■ YOUR OBJECTIVE: Write out all of the entries exactly as given.

■ THE RECORDS:
-=-=-

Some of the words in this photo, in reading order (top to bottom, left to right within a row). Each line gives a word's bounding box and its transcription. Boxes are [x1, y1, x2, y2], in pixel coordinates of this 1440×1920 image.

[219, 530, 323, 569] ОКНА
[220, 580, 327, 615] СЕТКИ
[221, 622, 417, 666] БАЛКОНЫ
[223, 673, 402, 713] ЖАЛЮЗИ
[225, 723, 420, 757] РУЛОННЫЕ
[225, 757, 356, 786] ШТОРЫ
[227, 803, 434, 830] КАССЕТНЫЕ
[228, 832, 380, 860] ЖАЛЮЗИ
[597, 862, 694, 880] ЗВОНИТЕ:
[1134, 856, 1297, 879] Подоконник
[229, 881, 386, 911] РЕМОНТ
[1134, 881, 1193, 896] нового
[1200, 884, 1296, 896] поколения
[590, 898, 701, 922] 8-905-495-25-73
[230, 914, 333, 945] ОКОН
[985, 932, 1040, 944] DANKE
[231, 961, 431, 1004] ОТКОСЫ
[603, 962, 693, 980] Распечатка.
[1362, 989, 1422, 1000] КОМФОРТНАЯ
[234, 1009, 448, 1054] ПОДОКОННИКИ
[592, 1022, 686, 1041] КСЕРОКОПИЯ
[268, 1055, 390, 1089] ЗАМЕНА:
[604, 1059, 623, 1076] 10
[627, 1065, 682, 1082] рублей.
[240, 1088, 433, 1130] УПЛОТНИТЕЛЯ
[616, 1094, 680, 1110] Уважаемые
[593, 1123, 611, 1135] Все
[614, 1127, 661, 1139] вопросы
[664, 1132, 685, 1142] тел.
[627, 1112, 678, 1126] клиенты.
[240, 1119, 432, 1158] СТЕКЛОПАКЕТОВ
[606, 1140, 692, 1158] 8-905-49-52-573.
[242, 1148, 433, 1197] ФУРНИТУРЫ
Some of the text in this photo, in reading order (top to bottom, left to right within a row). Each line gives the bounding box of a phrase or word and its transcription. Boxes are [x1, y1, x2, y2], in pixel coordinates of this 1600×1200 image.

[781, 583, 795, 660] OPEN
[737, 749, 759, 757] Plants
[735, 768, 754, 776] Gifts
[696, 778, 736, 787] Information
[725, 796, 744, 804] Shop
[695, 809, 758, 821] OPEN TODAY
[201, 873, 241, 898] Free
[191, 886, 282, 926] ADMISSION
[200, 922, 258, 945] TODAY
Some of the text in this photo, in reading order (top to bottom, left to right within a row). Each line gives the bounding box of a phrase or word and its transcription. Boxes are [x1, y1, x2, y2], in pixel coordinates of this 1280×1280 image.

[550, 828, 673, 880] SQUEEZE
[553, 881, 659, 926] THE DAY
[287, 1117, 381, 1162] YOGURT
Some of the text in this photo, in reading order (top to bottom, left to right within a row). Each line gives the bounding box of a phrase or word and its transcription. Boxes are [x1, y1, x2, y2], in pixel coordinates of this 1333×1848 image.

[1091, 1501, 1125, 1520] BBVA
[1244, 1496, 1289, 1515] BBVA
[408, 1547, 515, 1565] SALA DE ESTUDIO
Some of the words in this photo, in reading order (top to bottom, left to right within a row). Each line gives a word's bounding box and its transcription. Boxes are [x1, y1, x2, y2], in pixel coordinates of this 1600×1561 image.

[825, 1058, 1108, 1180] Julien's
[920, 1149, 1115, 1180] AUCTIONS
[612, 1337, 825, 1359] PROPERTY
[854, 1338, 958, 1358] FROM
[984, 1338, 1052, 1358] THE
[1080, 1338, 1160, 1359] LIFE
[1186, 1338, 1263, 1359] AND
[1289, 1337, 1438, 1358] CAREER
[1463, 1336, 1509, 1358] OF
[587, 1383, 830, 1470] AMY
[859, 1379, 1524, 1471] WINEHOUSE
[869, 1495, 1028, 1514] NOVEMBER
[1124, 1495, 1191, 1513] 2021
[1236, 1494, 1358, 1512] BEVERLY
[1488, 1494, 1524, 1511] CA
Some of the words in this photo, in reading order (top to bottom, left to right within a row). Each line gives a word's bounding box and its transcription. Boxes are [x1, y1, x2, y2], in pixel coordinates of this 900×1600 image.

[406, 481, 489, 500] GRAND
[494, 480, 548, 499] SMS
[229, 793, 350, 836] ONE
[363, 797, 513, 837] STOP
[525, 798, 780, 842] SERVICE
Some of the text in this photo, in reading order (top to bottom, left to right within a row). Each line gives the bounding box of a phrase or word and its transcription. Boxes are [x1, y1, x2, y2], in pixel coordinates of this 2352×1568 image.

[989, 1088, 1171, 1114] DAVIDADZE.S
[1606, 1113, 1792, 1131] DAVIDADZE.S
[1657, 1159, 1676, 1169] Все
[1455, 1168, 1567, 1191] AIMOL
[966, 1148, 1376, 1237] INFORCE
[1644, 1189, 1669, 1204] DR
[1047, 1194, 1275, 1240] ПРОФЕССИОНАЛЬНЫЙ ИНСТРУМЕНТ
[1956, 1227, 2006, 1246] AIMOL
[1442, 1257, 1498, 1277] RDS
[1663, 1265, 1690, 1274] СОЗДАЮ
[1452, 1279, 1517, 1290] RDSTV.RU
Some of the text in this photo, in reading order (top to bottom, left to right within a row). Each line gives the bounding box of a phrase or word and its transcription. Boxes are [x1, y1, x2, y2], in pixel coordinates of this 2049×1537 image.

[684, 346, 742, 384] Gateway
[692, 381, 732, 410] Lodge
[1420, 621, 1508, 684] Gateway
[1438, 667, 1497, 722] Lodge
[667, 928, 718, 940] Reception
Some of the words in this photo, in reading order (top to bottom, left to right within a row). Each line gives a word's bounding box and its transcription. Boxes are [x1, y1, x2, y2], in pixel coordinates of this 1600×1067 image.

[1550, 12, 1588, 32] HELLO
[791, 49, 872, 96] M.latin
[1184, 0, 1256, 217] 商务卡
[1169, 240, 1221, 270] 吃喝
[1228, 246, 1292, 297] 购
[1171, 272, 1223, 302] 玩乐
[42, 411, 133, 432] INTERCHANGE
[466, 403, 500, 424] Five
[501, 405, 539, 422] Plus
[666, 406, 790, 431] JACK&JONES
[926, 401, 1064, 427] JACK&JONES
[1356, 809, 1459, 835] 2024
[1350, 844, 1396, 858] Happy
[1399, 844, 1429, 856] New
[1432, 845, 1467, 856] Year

-=-=-

■ FINISHED EXERCISE:
Some of the words in this photo, in reading order (top to bottom, left to right within a row). Each line gives a word's bounding box and its transcription. Boxes are [x1, y1, x2, y2], in pixel coordinates of this 1440×1920 image.

[219, 530, 323, 569] ОКНА
[220, 580, 327, 615] СЕТКИ
[221, 622, 417, 666] БАЛКОНЫ
[223, 673, 402, 713] ЖАЛЮЗИ
[225, 723, 420, 757] РУЛОННЫЕ
[225, 757, 356, 786] ШТОРЫ
[227, 803, 434, 830] КАССЕТНЫЕ
[228, 832, 380, 860] ЖАЛЮЗИ
[597, 862, 694, 880] ЗВОНИТЕ:
[1134, 856, 1297, 879] Подоконник
[229, 881, 386, 911] РЕМОНТ
[1134, 881, 1193, 896] нового
[1200, 884, 1296, 896] поколения
[590, 898, 701, 922] 8-905-495-25-73
[230, 914, 333, 945] ОКОН
[985, 932, 1040, 944] DANKE
[231, 961, 431, 1004] ОТКОСЫ
[603, 962, 693, 980] Распечатка.
[1362, 989, 1422, 1000] КОМФОРТНАЯ
[234, 1009, 448, 1054] ПОДОКОННИКИ
[592, 1022, 686, 1041] КСЕРОКОПИЯ
[268, 1055, 390, 1089] ЗАМЕНА:
[604, 1059, 623, 1076] 10
[627, 1065, 682, 1082] рублей.
[240, 1088, 433, 1130] УПЛОТНИТЕЛЯ
[616, 1094, 680, 1110] Уважаемые
[593, 1123, 611, 1135] Все
[614, 1127, 661, 1139] вопросы
[664, 1132, 685, 1142] тел.
[627, 1112, 678, 1126] клиенты.
[240, 1119, 432, 1158] СТЕКЛОПАКЕТОВ
[606, 1140, 692, 1158] 8-905-49-52-573.
[242, 1148, 433, 1197] ФУРНИТУРЫ
Some of the text in this photo, in reading order (top to bottom, left to right within a row). Each line gives the bounding box of a phrase or word and its transcription. Boxes are [x1, y1, x2, y2], in pixel coordinates of this 1600×1200 image.

[781, 583, 795, 660] OPEN
[737, 749, 759, 757] Plants
[735, 768, 754, 776] Gifts
[696, 778, 736, 787] Information
[725, 796, 744, 804] Shop
[695, 809, 758, 821] OPEN TODAY
[201, 873, 241, 898] Free
[191, 886, 282, 926] ADMISSION
[200, 922, 258, 945] TODAY
Some of the text in this photo, in reading order (top to bottom, left to right within a row). Each line gives the bounding box of a phrase or word and its transcription. Boxes are [x1, y1, x2, y2], in pixel coordinates of this 1280×1280 image.

[550, 828, 673, 880] SQUEEZE
[553, 881, 659, 926] THE DAY
[287, 1117, 381, 1162] YOGURT
Some of the text in this photo, in reading order (top to bottom, left to right within a row). Each line gives the bounding box of a phrase or word and its transcription. Boxes are [x1, y1, x2, y2], in pixel coordinates of this 1333×1848 image.

[1091, 1501, 1125, 1520] BBVA
[1244, 1496, 1289, 1515] BBVA
[408, 1547, 515, 1565] SALA DE ESTUDIO
Some of the words in this photo, in reading order (top to bottom, left to right within a row). Each line gives a word's bounding box and its transcription. Boxes are [x1, y1, x2, y2], in pixel coordinates of this 1600×1561 image.

[825, 1058, 1108, 1180] Julien's
[920, 1149, 1115, 1180] AUCTIONS
[612, 1337, 825, 1359] PROPERTY
[854, 1338, 958, 1358] FROM
[984, 1338, 1052, 1358] THE
[1080, 1338, 1160, 1359] LIFE
[1186, 1338, 1263, 1359] AND
[1289, 1337, 1438, 1358] CAREER
[1463, 1336, 1509, 1358] OF
[587, 1383, 830, 1470] AMY
[859, 1379, 1524, 1471] WINEHOUSE
[869, 1495, 1028, 1514] NOVEMBER
[1124, 1495, 1191, 1513] 2021
[1236, 1494, 1358, 1512] BEVERLY
[1488, 1494, 1524, 1511] CA
Some of the words in this photo, in reading order (top to bottom, left to right within a row). Each line gives a word's bounding box and its transcription. Boxes are [x1, y1, x2, y2], in pixel coordinates of this 900×1600 image.

[406, 481, 489, 500] GRAND
[494, 480, 548, 499] SMS
[229, 793, 350, 836] ONE
[363, 797, 513, 837] STOP
[525, 798, 780, 842] SERVICE
Some of the text in this photo, in reading order (top to bottom, left to right within a row). Each line gives the bounding box of a phrase or word and its transcription. Boxes are [x1, y1, x2, y2], in pixel coordinates of this 2352×1568 image.

[989, 1088, 1171, 1114] DAVIDADZE.S
[1606, 1113, 1792, 1131] DAVIDADZE.S
[1657, 1159, 1676, 1169] Все
[1455, 1168, 1567, 1191] AIMOL
[966, 1148, 1376, 1237] INFORCE
[1644, 1189, 1669, 1204] DR
[1047, 1194, 1275, 1240] ПРОФЕССИОНАЛЬНЫЙ ИНСТРУМЕНТ
[1956, 1227, 2006, 1246] AIMOL
[1442, 1257, 1498, 1277] RDS
[1663, 1265, 1690, 1274] СОЗДАЮ
[1452, 1279, 1517, 1290] RDSTV.RU
Some of the text in this photo, in reading order (top to bottom, left to right within a row). Each line gives the bounding box of a phrase or word and its transcription. Boxes are [x1, y1, x2, y2], in pixel coordinates of this 2049×1537 image.

[684, 346, 742, 384] Gateway
[692, 381, 732, 410] Lodge
[1420, 621, 1508, 684] Gateway
[1438, 667, 1497, 722] Lodge
[667, 928, 718, 940] Reception
Some of the words in this photo, in reading order (top to bottom, left to right within a row). Each line gives a word's bounding box and its transcription. Boxes are [x1, y1, x2, y2], in pixel coordinates of this 1600×1067 image.

[1550, 12, 1588, 32] HELLO
[791, 49, 872, 96] M.latin
[1184, 0, 1256, 217] 商务卡
[1169, 240, 1221, 270] 吃喝
[1228, 246, 1292, 297] 购
[1171, 272, 1223, 302] 玩乐
[42, 411, 133, 432] INTERCHANGE
[466, 403, 500, 424] Five
[501, 405, 539, 422] Plus
[666, 406, 790, 431] JACK&JONES
[926, 401, 1064, 427] JACK&JONES
[1356, 809, 1459, 835] 2024
[1350, 844, 1396, 858] Happy
[1399, 844, 1429, 856] New
[1432, 845, 1467, 856] Year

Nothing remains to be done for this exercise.